### Task details:
Starting at the line that contains "Some of the text", transcribe every remaining line of the entries exactly, including the last one.

[Stored data entries]
━━━━

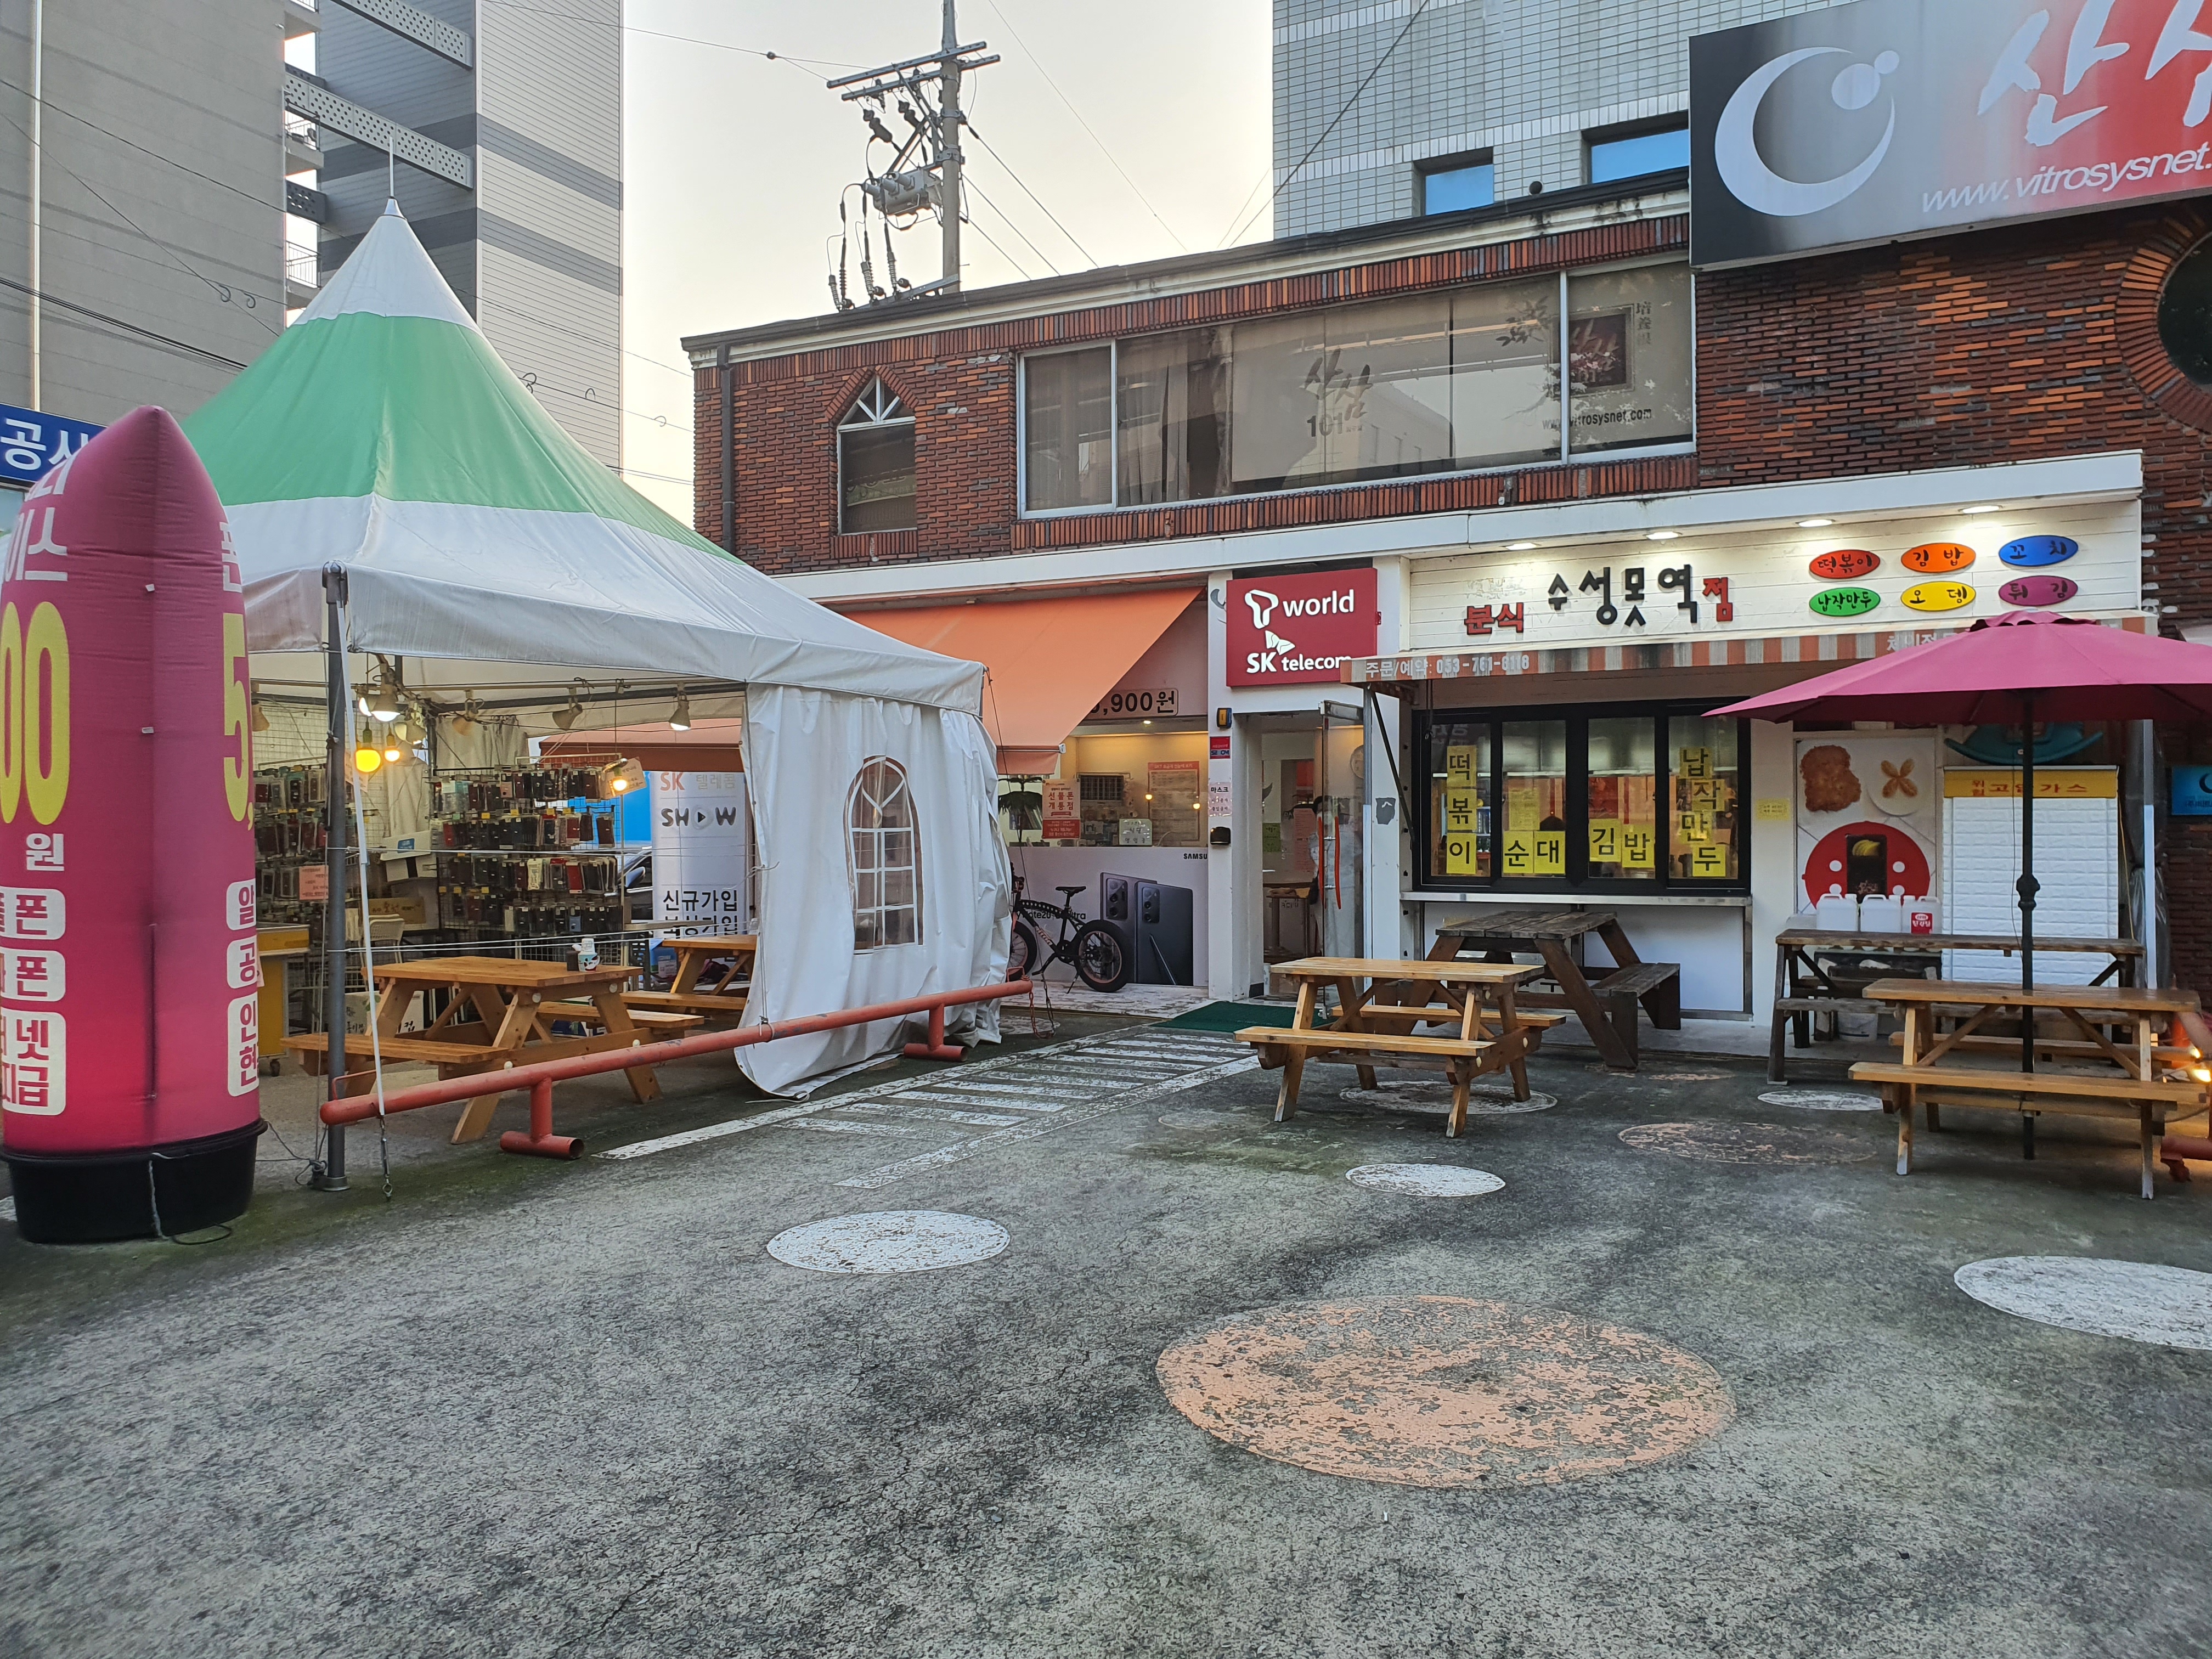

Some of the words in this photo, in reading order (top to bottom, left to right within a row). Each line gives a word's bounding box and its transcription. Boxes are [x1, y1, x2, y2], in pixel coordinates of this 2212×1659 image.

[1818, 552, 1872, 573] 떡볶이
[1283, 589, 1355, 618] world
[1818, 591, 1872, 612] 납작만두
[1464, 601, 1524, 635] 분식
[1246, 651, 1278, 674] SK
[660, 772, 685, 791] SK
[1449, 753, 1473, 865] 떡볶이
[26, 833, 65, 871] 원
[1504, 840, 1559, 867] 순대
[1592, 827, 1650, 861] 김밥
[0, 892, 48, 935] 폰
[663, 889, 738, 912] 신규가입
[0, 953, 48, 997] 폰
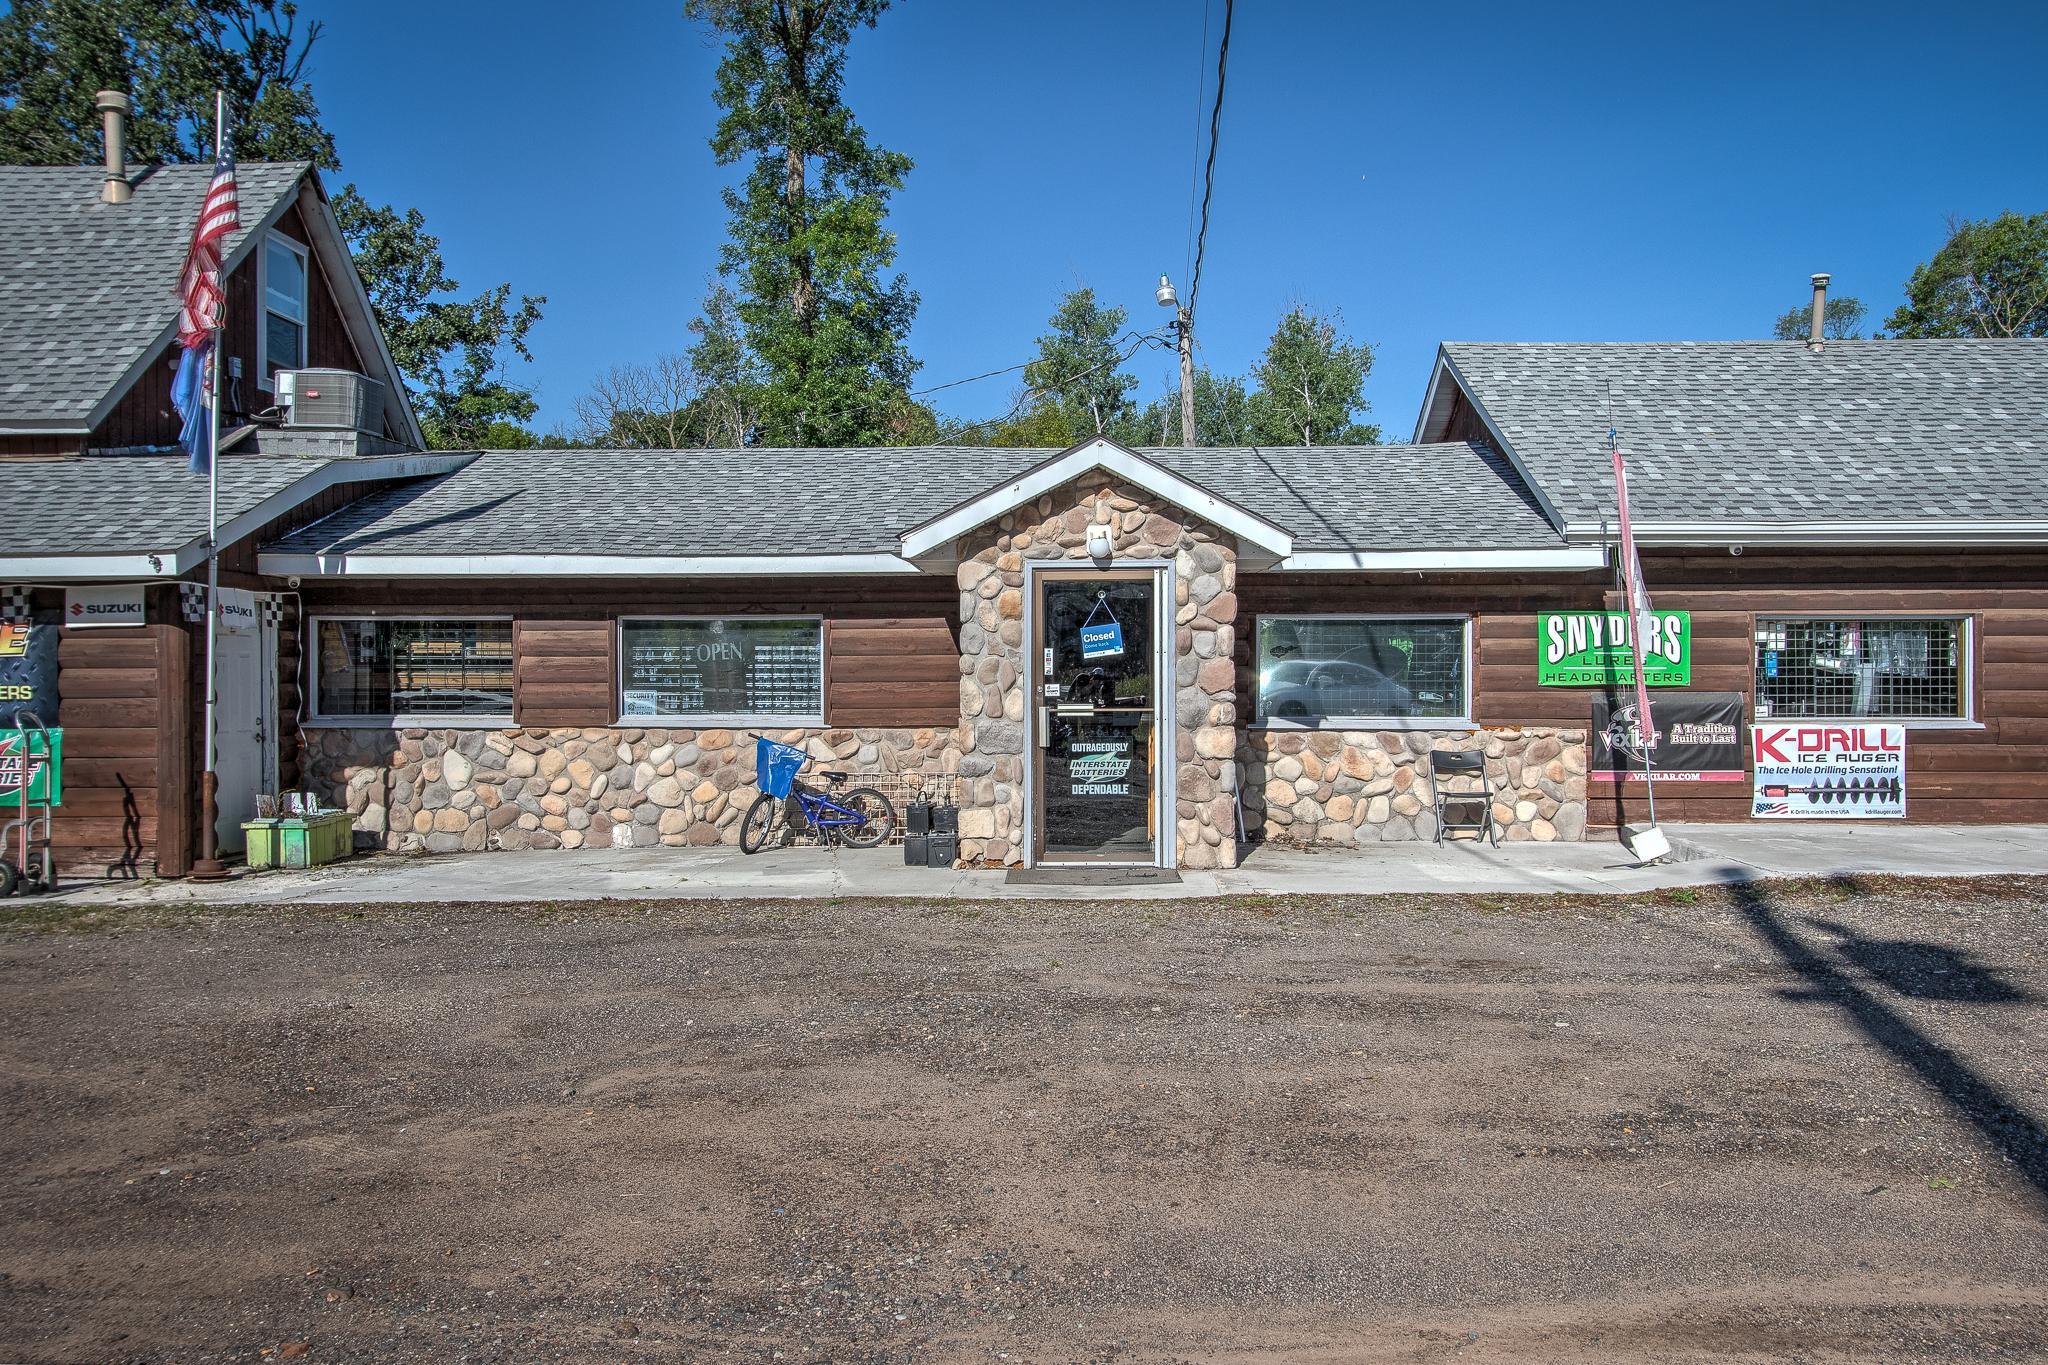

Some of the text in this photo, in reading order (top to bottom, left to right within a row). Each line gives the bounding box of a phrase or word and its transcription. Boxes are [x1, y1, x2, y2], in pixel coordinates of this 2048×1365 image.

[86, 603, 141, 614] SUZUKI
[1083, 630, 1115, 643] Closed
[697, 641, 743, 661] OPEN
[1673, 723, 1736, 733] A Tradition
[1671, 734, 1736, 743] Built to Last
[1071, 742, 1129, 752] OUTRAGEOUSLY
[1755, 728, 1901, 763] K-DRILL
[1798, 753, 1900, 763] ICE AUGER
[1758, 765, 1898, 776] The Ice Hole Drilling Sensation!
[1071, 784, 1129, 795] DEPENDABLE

━━━━

### Written answer:
Some of the text in this photo, in reading order (top to bottom, left to right within a row). Each line gives the bounding box of a phrase or word and its transcription. Boxes are [x1, y1, x2, y2], in pixel coordinates of this 2048×1365 image.

[86, 603, 141, 614] SUZUKI
[1083, 630, 1115, 643] Closed
[697, 641, 743, 661] OPEN
[1673, 723, 1736, 733] A Tradition
[1671, 734, 1736, 743] Built to Last
[1071, 742, 1129, 752] OUTRAGEOUSLY
[1755, 728, 1901, 763] K-DRILL
[1798, 753, 1900, 763] ICE AUGER
[1758, 765, 1898, 776] The Ice Hole Drilling Sensation!
[1071, 784, 1129, 795] DEPENDABLE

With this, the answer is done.